LISTED RECORDS
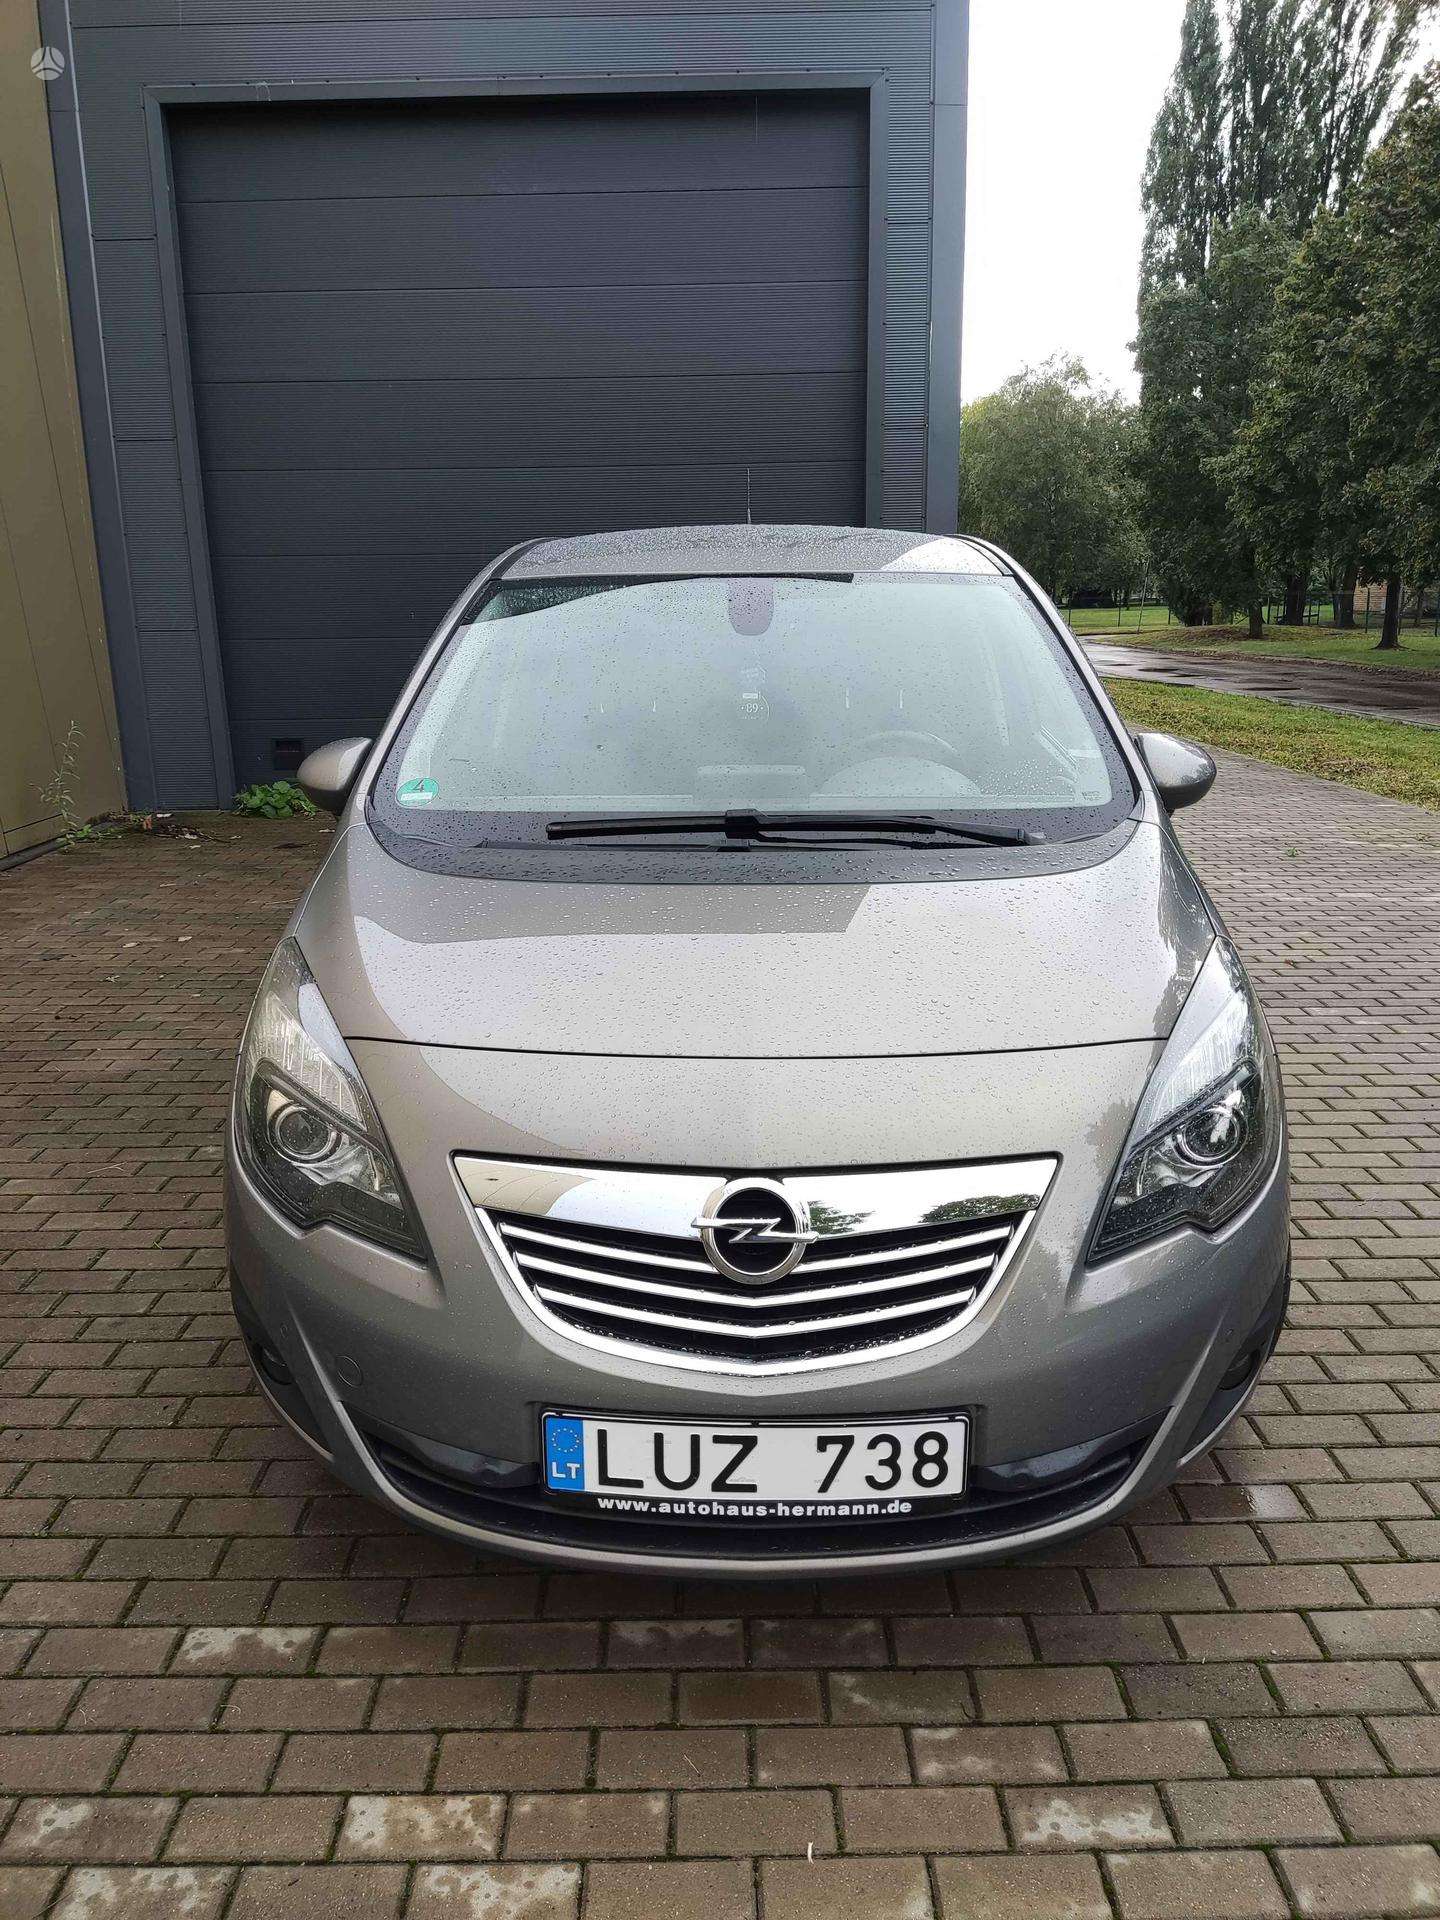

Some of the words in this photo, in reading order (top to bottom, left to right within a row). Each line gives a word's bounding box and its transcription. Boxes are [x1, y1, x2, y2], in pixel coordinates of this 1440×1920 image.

[412, 779, 425, 792] 4
[551, 1461, 580, 1479] LT
[597, 1429, 758, 1492] LUZ
[816, 1431, 949, 1493] 738
[597, 1497, 912, 1516] www.autohaus-hermann.de
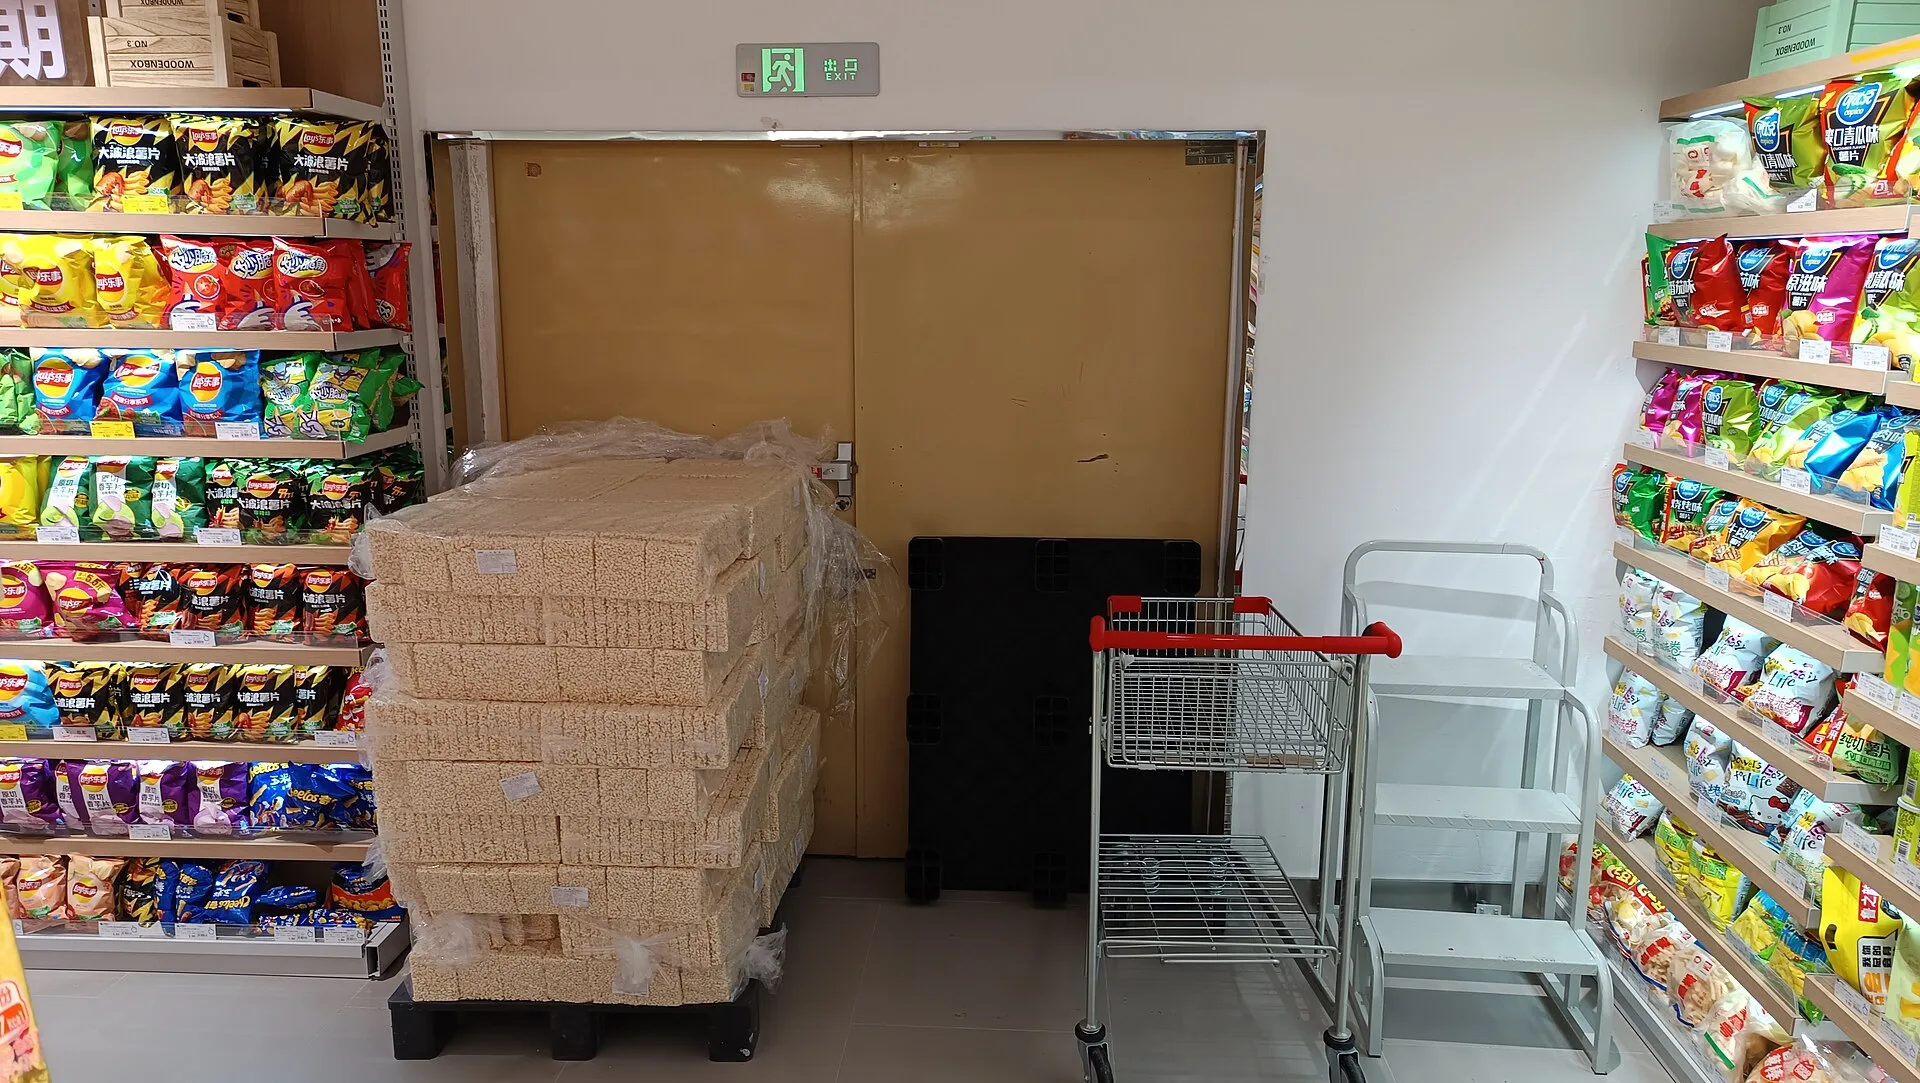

WORK INSTRUCTIONS
Type out the entries again without a single change, and leave the pictures out.

WRITTEN RESPONSE
Some of the words in this photo, in reading order (top to bottom, left to right within a row). Each line gives a word's bounding box and its transcription. Boxes are [x1, y1, x2, y2], in pixel coordinates of this 1440×1920 image.

[412, 779, 425, 792] 4
[551, 1461, 580, 1479] LT
[597, 1429, 758, 1492] LUZ
[816, 1431, 949, 1493] 738
[597, 1497, 912, 1516] www.autohaus-hermann.de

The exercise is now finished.